De Vries: De eerste reactie van veel Nederlanders over eender welke overheidsbeslissing is dan ook: hé, hoezo dan? Alle coronamaatregelen zorgden voor grote ontevredenheid. In televisieprogramma’s werd in het voorjaar openlijk gediscussieerd over zoiets als dor hout. We deden zogezegd het hele land op slot om oudere, zieke mensen te redden die wellicht anders ook wel overleden zouden zijn. Het debat is hier al een jaar bij momenten heel cynisch.

Maar ook uit de coronacrisis komt Rutte zonder kleerscheuren.

De Vries: Dat is waar. Het is Hugo de Jonge, de minister van Volksgezondheid, die de klappen moet incasseren. Hij werd aanvankelijk de lijsttrekker van het christendemocratische CDA, maar heeft zich deels vanwege het impopulaire coronabeleid moeten terugtrekken. Rutte geeft steeds de grote toespraken, waarmee hij zich als staatsman kan presenteren. Achteraf mocht De Jonge dan de lullige details uitleggen. En nu krijgt die ook de schuld omdat de vaccinaties niet snel genoeg op gang komen.

Over een politicus als Mitch McConnell, de Republikeinse fractieleider in de Amerikaanse Senaat, wordt weleens gezegd dat hij helemaal geen kern heeft, alleen een cynische machtshonger. Is het dat wat Rutte ook drijft?

De Vries: NRC-journaliste Petra de Koning schreef vorig najaar een biografie over Rutte, waarin ze zich de vraag stelde waar het Rutte nu om te doen is. Wat wil Rutte? Mijn gok zou zijn: hij wil helemaal niets. Van sommige politici wordt wel eens gezegd dat ze het achterste van hun tong nooit laten zien. Maar sommige mensen hebben geen achterste van hun tong. Zelfs van machtshonger is heel weinig te merken, hoewel het misschien een van Ruttes talenten is dat hij dat goed kan verbergen. Er zijn genoeg momenten in zijn carrière geweest dat hij zich er al bij had neergelegd dat het voorbij was, en daar had hij weinig moeite mee. Zolang hij aan de macht is, lijkt hij bovendien niet echt iets met die macht te willen. Hij drukt geen wetten op persoonlijke titel door en werkt moeiteloos met elke partij samen. Ik denk ook niet dat hij zit te azen op een Europese topfunctie in Brussel of bij een supra-internationale instelling. Hij bezit het bijzondere talent dat hij niets lijkt te willen wat niet haalbaar is, tevreden met alles binnen handbereik – daarom is hij de gelukkigste man van Nederland.

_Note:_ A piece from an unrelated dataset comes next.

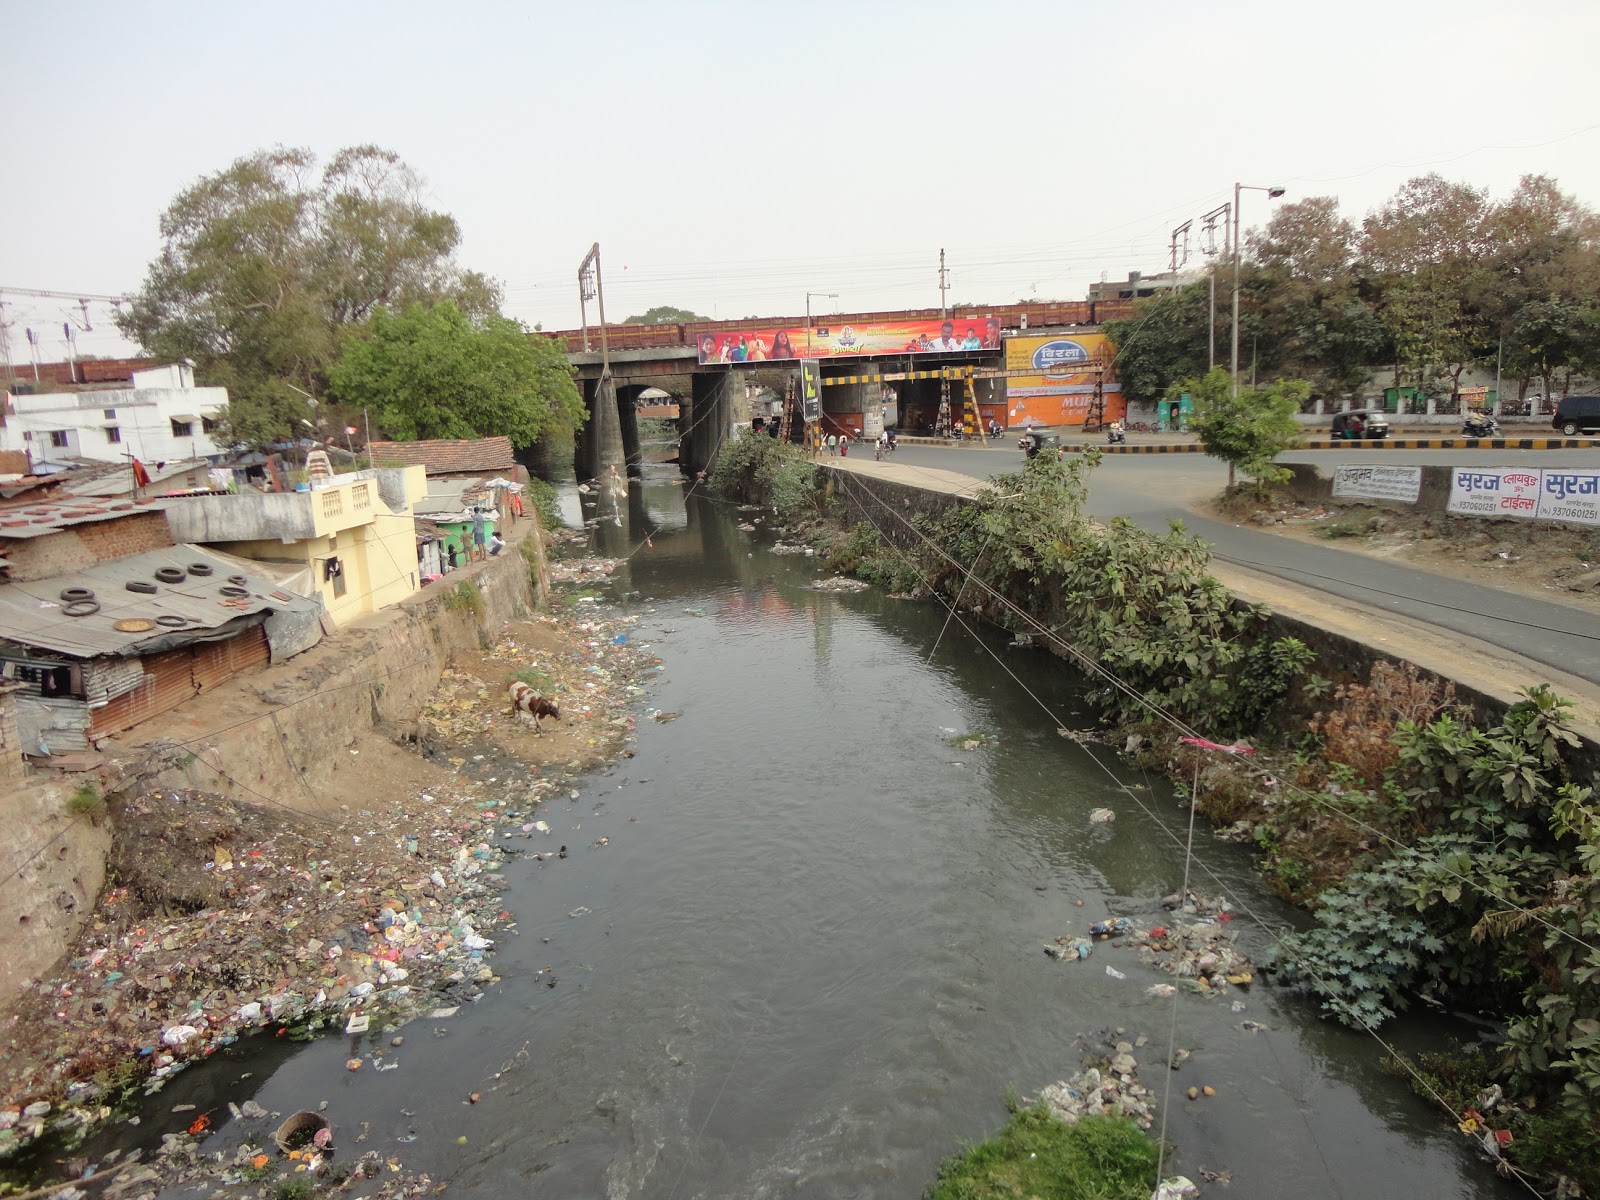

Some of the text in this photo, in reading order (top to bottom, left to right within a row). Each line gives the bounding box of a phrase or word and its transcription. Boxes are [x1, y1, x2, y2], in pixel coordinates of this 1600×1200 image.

Hij is niettemin, zeker naar Europese normen, een mirakelpoliticus. Er zijn bij de traditionele middenpartijen maar heel weinig Europese politici die langer dan tien jaar kunnen overleven aan de absolute top. Angela Merkel leek de enige uitzondering.

De Vries: Volgens mij moet je die eerdere vraag omdraaien: wat willen wij met Mark Rutte? In mijn boek probeer ik hem in de cultureel-psychologische tijdgeest te plaatsen. We leven op een moment waar er ongelooflijk veel verandert. Millennials krijgen geen vaste baan of hypotheek meer, we hebben een vluchtelingencrisis over ons heen gekregen, de ongelijkheid neemt alleen maar toe, en de enorme klimaatcrisis die op ons afkomt maakt duidelijk dat we ons leven van de voorbije honderd jaar echt niet zomaar kunnen voorzetten. Dat komt allemaal hard en honderd keer per dag binnen met pushberichten op onze mobieltjes. Er zijn steeds meer mensen overspannen, eenzaam, de psychiatrische hulp draait overuren – midden in die hele storm staat Mark Rutte, met zijn handen in zijn zakken.

Rutger Bregman deelt dat dwangmatige optimisme met Mark Rutte. Alle mensen zijn super, twee duimen omhoog.

En met zijn onverbeterlijke optimisme.

De Vries: Inderdaad. Dat is precies zijn waarde. Maakt u zich zorgen over het klimaat? Volgens Rutte is het gewoon een kans voor slimme en innovatieve ondernemers. Wij vinden dat misschien cynisch, maar zijn kiezers stelt het ongetwijfeld gerust.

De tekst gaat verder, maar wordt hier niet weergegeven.